Dés lors, le désir de s'autofinancer dépasse largement le clivage des classes sociales. On voit que l'exercice d'une activité professionnelle s'observe également chez les jeunes d'origine favorisée. En réalité, le sens de l'honneur, qui implique chez les Sénégalais les notions de jom (fierté) et de nawlé (égaux sociaux) assigne à l'individu de relever le défi social en se hissant à la hauteur des performances de gens de sa classe d'âge (Mboup, 2000, p.91). Il constitue sans doute des éléments qui favorisent la recherche d'une activité rémunéré pour ne pas dépendre des autres. Ce désir d'autonomie pouvant ici être compris comme des dispositions, ces étudiants, étant déjà préparer et socialisé à apprendre à être autonome. Le travail étant alors un important intégrateur pour reprendre les termes d'Yves barrel. Ce dernier, qualifié le travail de "Grand Intégrateur". Selon l'auteur, ce modèle remplirait trois fonctions essentielles qui sont l'organisation sociale, le maintien de l'ordre et la création du sens. Le travail, qui est lui-même une norme, permet l'intégration sociale et constitue l'une des formes majeures du lien. Le travail, outre qu'il permet le gain financier qui autorise la consommation, définit les identités sociales, les appartenances et organise les rapports sociaux.25(*)Le travail constitue donc une méthode d'affirmation personnelle, un gage de réussite et, pour reprendre les termes de Bourdieu, un élément de positionnement social.

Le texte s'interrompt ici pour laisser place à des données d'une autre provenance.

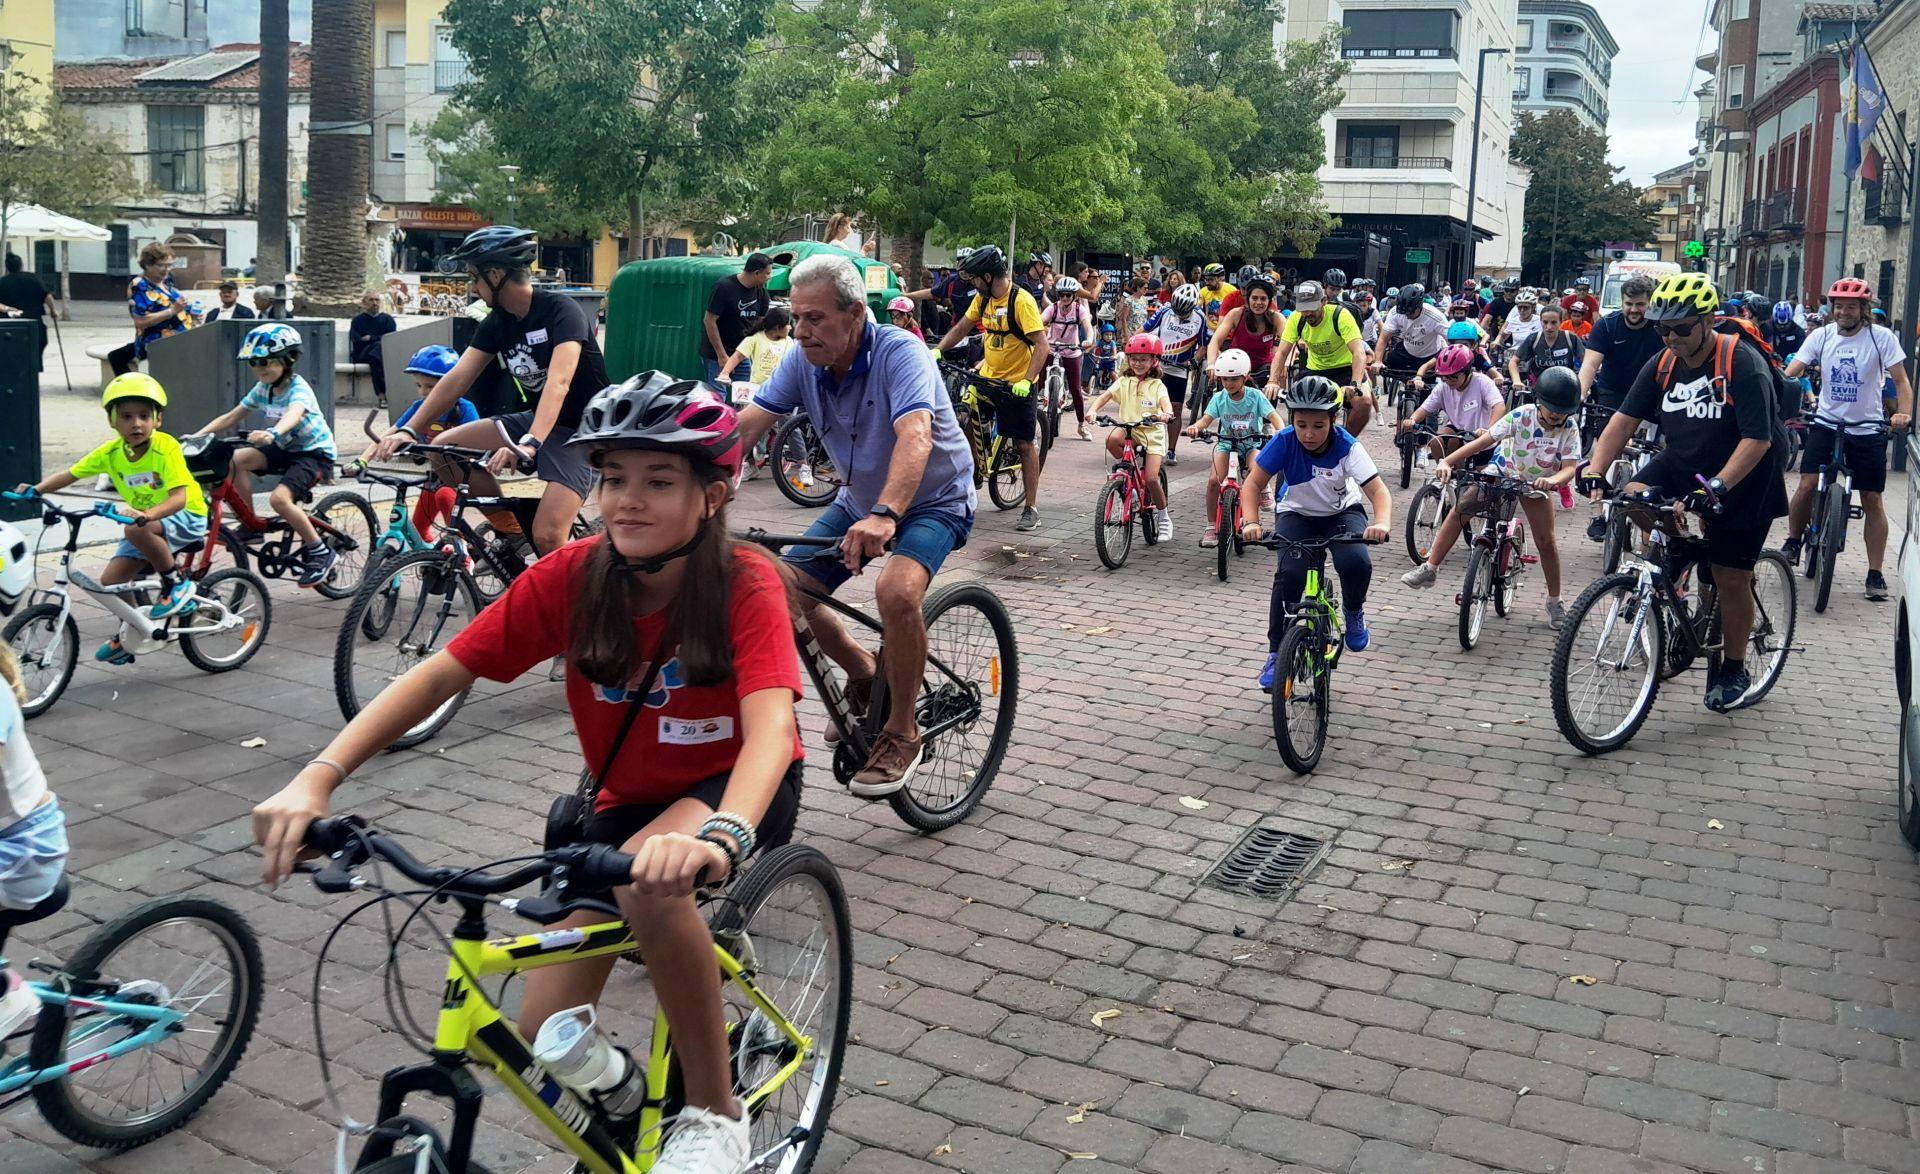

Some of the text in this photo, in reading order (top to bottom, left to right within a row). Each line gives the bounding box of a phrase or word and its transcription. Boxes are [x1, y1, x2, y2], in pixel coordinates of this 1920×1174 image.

[397, 210, 422, 220] BAZAR
[423, 210, 456, 220] CELESTE
[1167, 322, 1193, 337] Banesto
[1831, 386, 1858, 394] XXVIII
[793, 614, 861, 735] TREK
[680, 725, 696, 735] 20

Sur un plan analytique, l'on peut tout de suite affirmer que le travail salarié en marge des études semble agir comme un révélateur des rapports familiaux et sous certaines conditions, comme le producteur de dynamiques singulières qui articulent les nouvelles tensions entre les différents ancrages de la vie quotidienne. On approche ici du « travail des individus » qui, en combinant des logiques d'action contradictoires, met les individus en mouvement par la tension qu'il crée entre des principes qui s'opposent. (Froment, 2012)

Toutefois, il est important de souligner que même si le désir d'une autonomie financière vis-à-vis de la famille est bien un motif de la recherche d'une activité rémunérée, force est de reconnaitre, cette autonomie financière s'accompagne quelques fois de nouvelles obligations pour l'étudiant vis a vis du groupe familial. A partir du moment ou l'étudiant parvient à vivre et à s'entretenir seul sans l'aide de la famille, la relation de dépendance avec la famille ou le groupe social d'origine change de nature. Une sorte de pression morale l'oblige à aider et à soutenir sa famille.

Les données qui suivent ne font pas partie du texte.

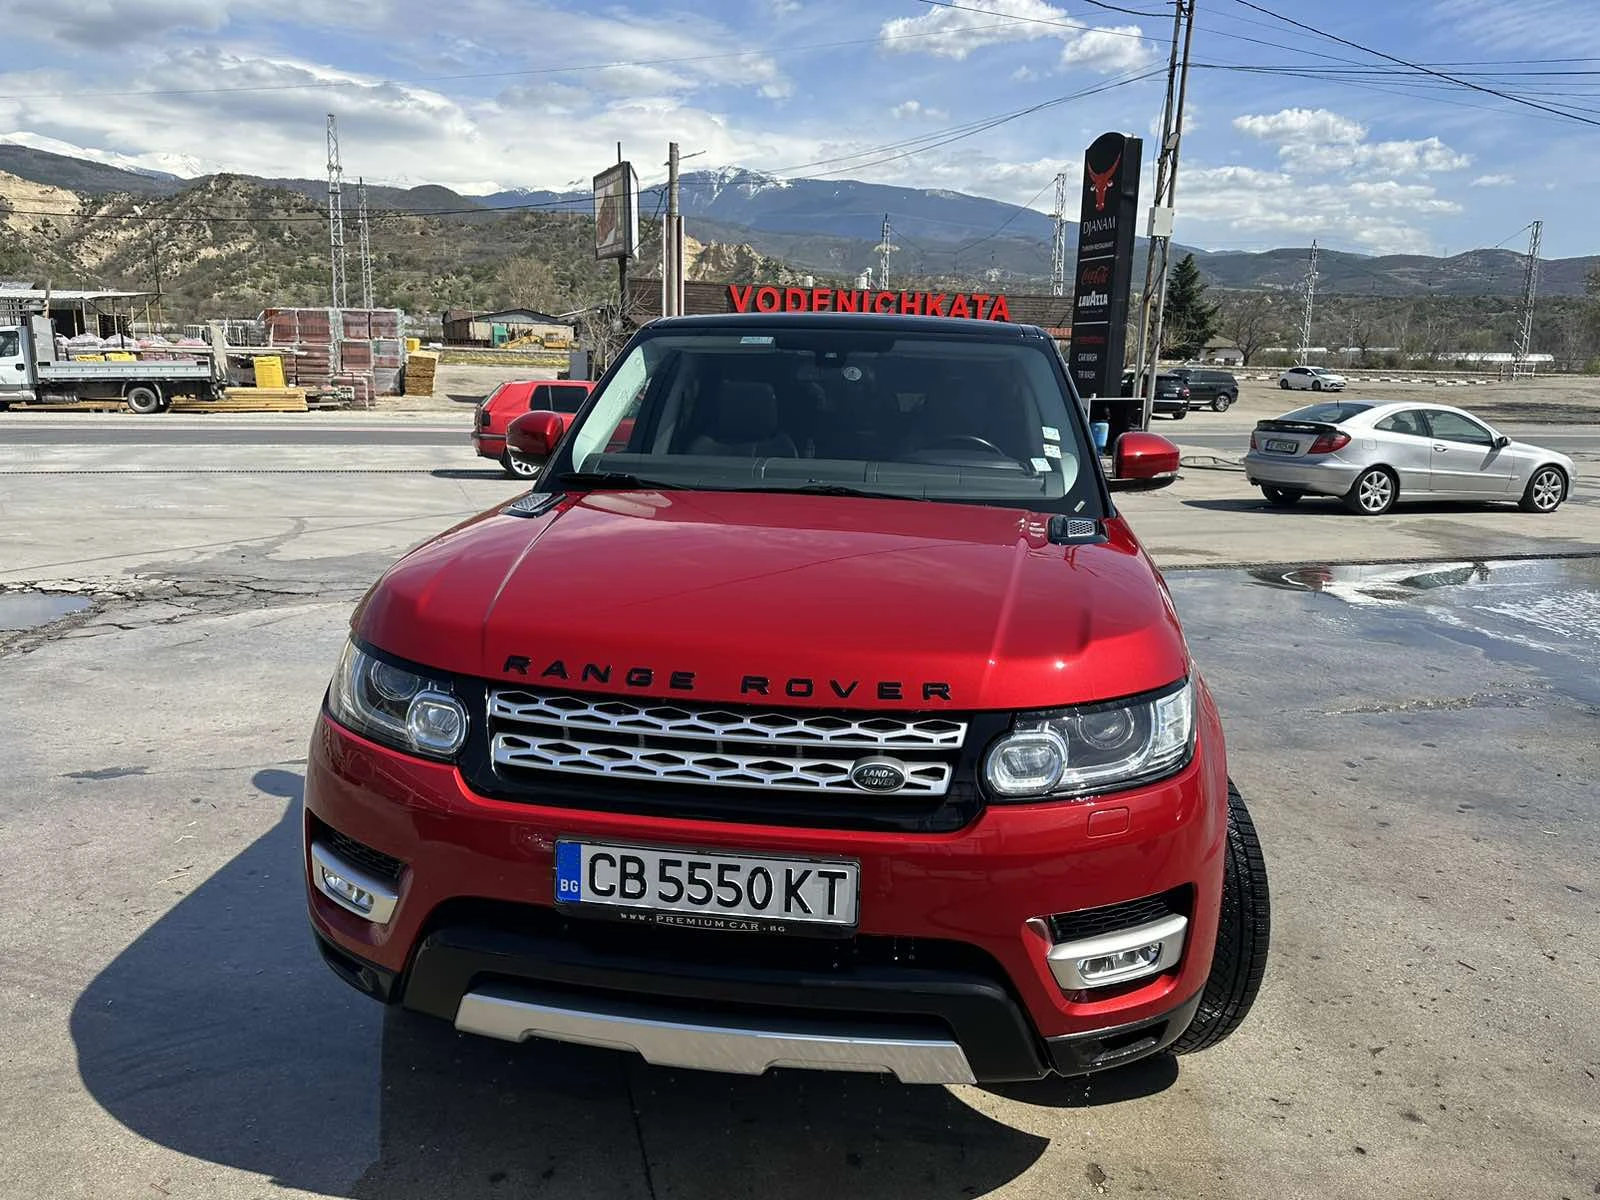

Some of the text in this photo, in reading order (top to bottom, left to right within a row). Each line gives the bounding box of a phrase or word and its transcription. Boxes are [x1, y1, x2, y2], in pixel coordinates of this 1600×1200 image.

[1083, 217, 1115, 236] DJANAM
[728, 284, 1011, 322] VODENICHKATA
[1078, 291, 1108, 307] LAVAZZA
[503, 655, 953, 701] RANGE ROVER
[865, 777, 894, 785] ROVER
[560, 880, 579, 893] BG
[589, 852, 848, 916] CB 5550 KT
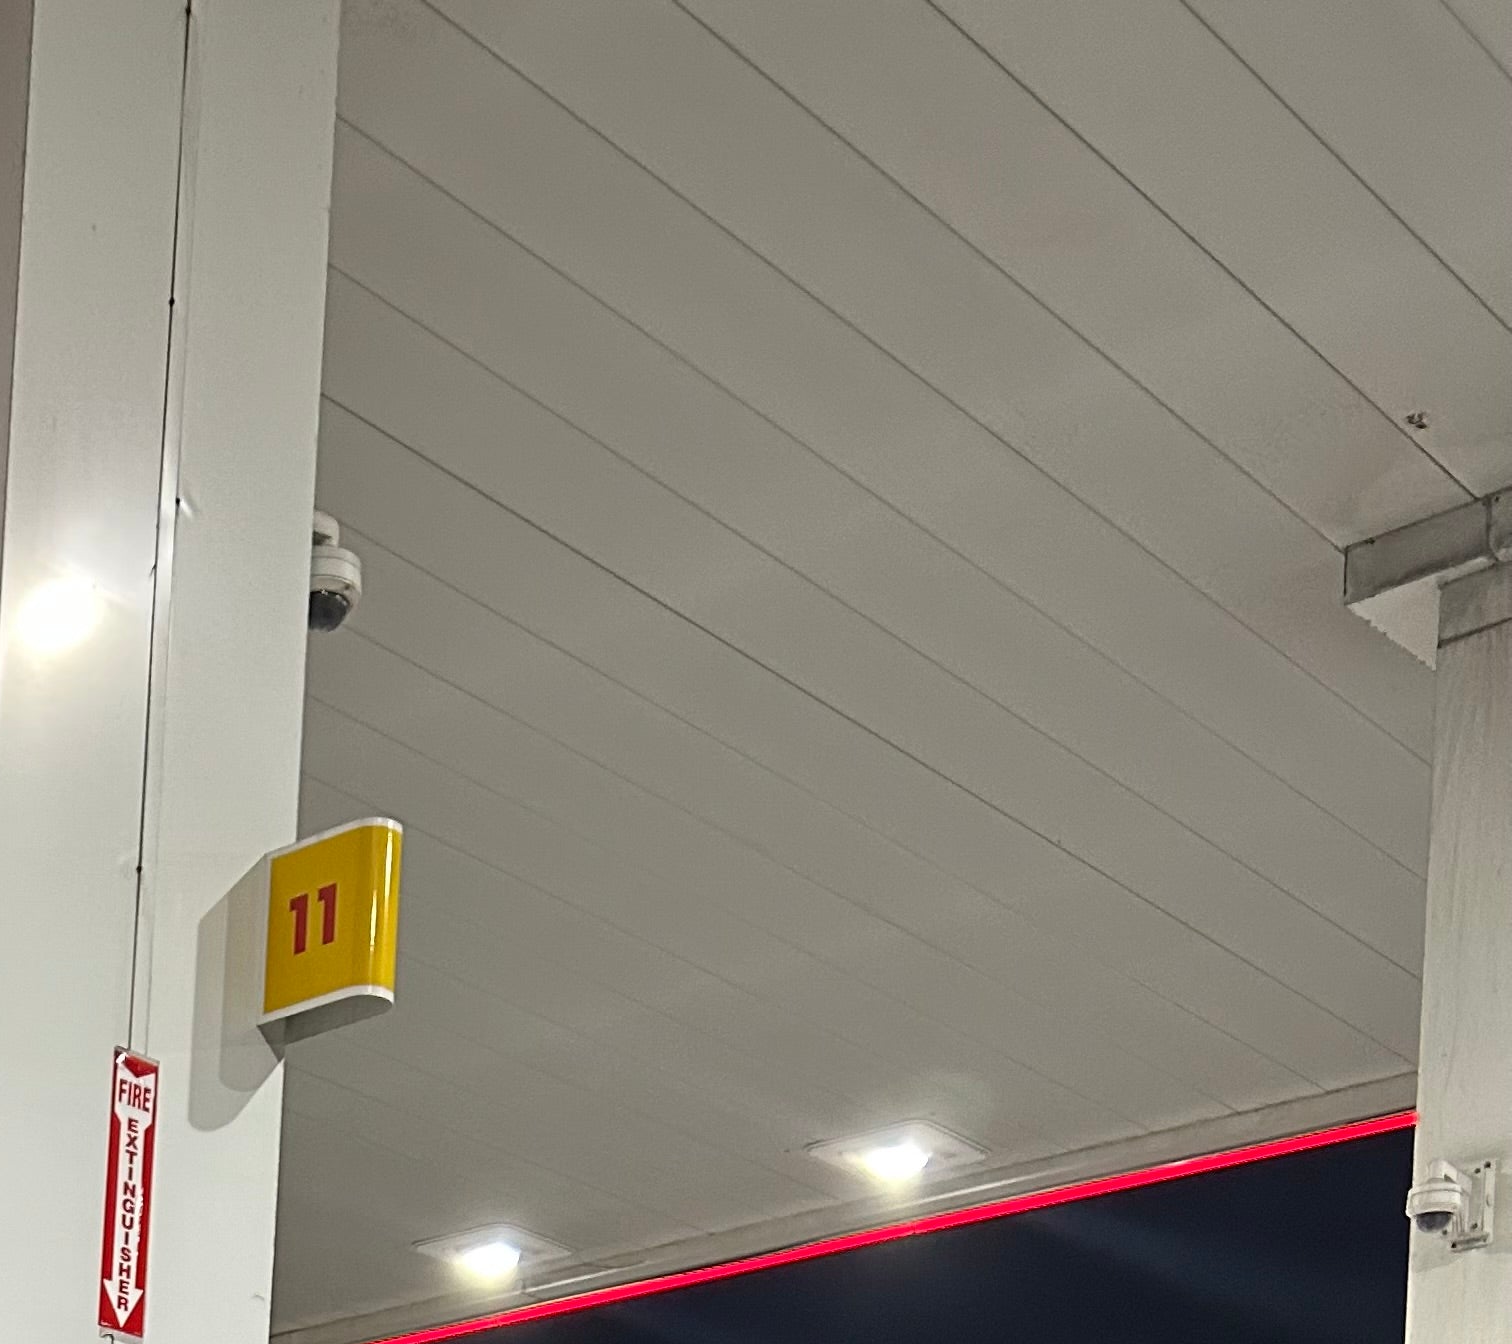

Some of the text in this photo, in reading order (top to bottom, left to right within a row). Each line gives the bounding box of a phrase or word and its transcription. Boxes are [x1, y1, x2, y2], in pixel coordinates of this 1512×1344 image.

[290, 883, 337, 956] 11
[118, 1078, 152, 1113] FIRE
[117, 1118, 139, 1312] EXTINGUISHER

6.2. Le travail comme une contrainte.

6.2.1. La pression famille.

Même étant séparé géographiquement avec leur pays d'origine, ces étudiants maintiennent toujours des relations avec leurs familles. Cependant ces relations sont pour la plupart du temps pour des raisons économiques, leurs contributions au fonctionnement de la maison et des dépenses quotidiennes. Comme mentionner dans les paragraphes qui précédent, la décision d'émigrer est fonction des perspectives d'emploi et de l'espérance de revenu plus élevé dans le pays de destination. Donc, l'espoir de remédier à cette situation demeure au coeur du voyage. Plus il y a des opportunités de travail ou de revenu dans le pays d'accueil, plus la propension de partir est forte. Toutefois, il faut tout de même souligner l'influence de la famille dans le départ. Beaucoup de jeunes partent vers d'autres cieux dans le but de répondre aux attentes de la famille qui devient de plus en plus un fardeau pour eux. La forte injonction de réussite pousse ces personnes à voyager vers d'autres cieux dans l'espoir de trouver les moyens nécessaires pour servir. D'ailleurs, pour diversifier les sources de revenus et ainsi échapper aux risques liés à des chocs pouvant affecter l'activité économique dans le pays d'origine (Azam et Gubert, 2002), certaines familles sont prêtes à envoyer un membre vers l'étranger. En effet, dans beaucoup de sociétés africaines, la migration est le plus souvent posée dans un contexte familial. La migration reposerait sur une stratégie familiale au sein de laquelle l'individu se trouve confiné. Du fait qu'en Afrique la famille (ou le ménage) fonctionne comme une unité de production, de consommation et de socialisation, elle jouit d'une rationalité économique et constitue en même temps un centre de décisions stratégiques (Stark, 1980; Harbison, 1981 ; Gregory et Piché, 1986; Root et De Jong, 1991). Dans ce cadre, le groupe familial exerce une forte pression sur la personne, pouvant entrainer ainsi la décision de migrer d'un ou de plusieurs de ses membres. Cette pression sociale ou familiale est encore beaucoup plus accentuée lorsque la personne arrive à réaliser son voyage. A cet effet, même les étudiants n'y échappent pas. Ils sont eux aussi considérés comme tous les autres migrants donc ayant la capacité d'aider. Dans l'imaginaire de la plupart de familles d'origine, le voyage est synonyme de réussite, d'accession à la fortune.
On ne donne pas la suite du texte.